### Stored dataset items
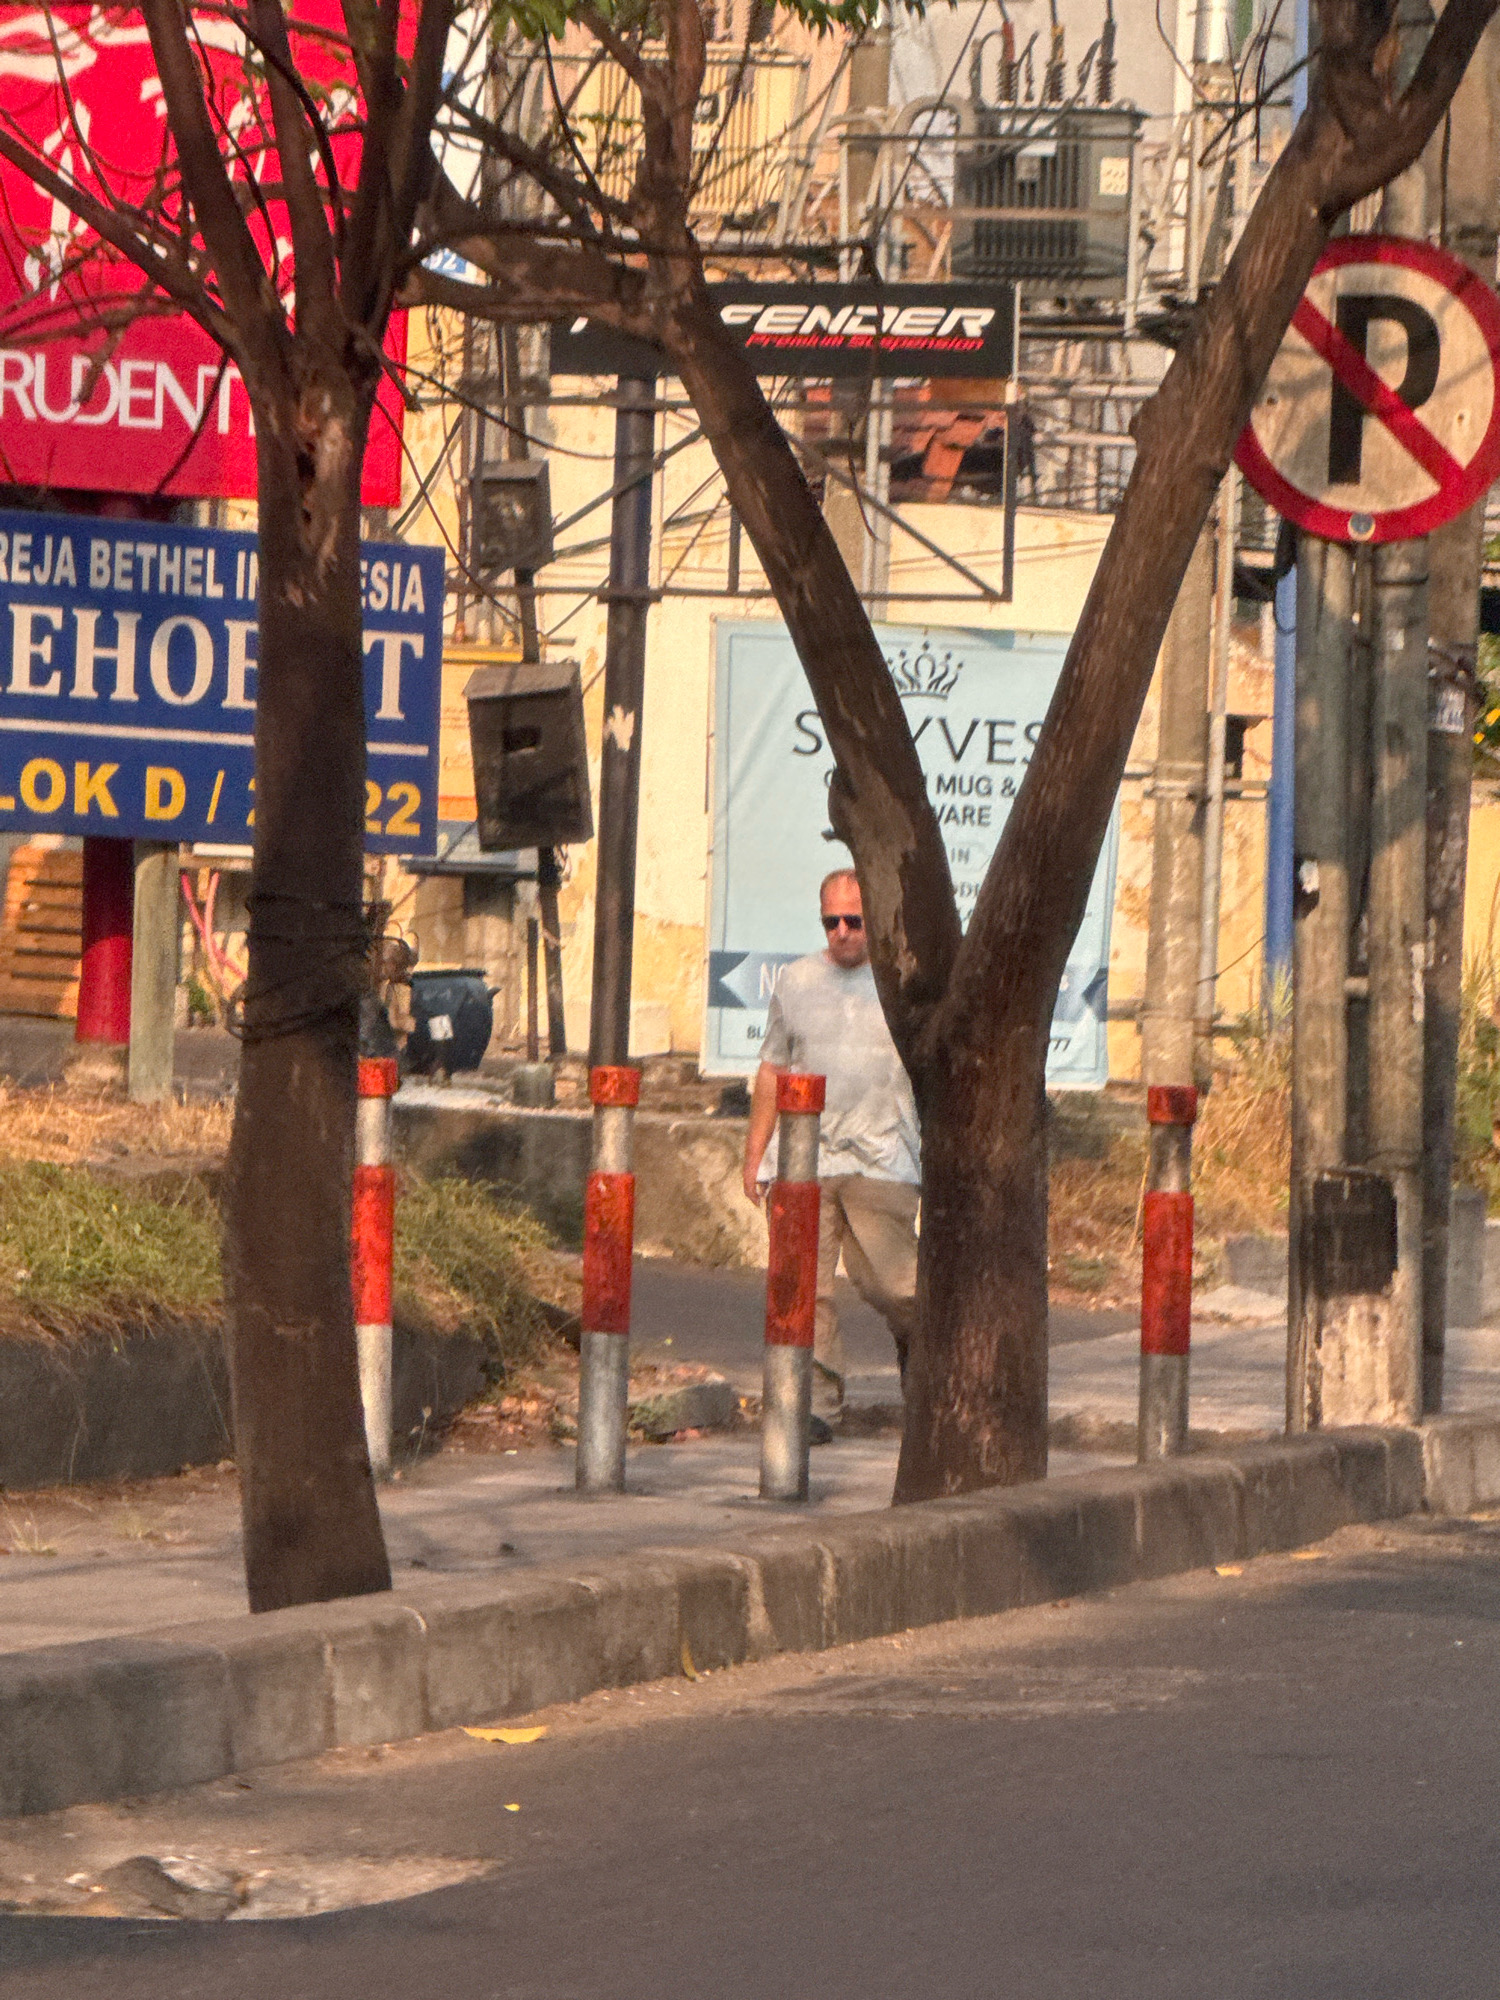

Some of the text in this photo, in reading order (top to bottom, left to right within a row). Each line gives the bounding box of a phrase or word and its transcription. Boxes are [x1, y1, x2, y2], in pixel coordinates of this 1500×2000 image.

[1328, 294, 1440, 485] P
[89, 538, 224, 599] BETHEL
[145, 766, 186, 821] D
[206, 770, 225, 824] /
[936, 773, 993, 796] MUG

### Activity
Exactly repeat the data above; the pictures do not belong in your copy.

### Task output
Some of the text in this photo, in reading order (top to bottom, left to right within a row). Each line gives the bounding box of a phrase or word and its transcription. Boxes are [x1, y1, x2, y2], in pixel coordinates of this 1500×2000 image.

[1328, 294, 1440, 485] P
[89, 538, 224, 599] BETHEL
[145, 766, 186, 821] D
[206, 770, 225, 824] /
[936, 773, 993, 796] MUG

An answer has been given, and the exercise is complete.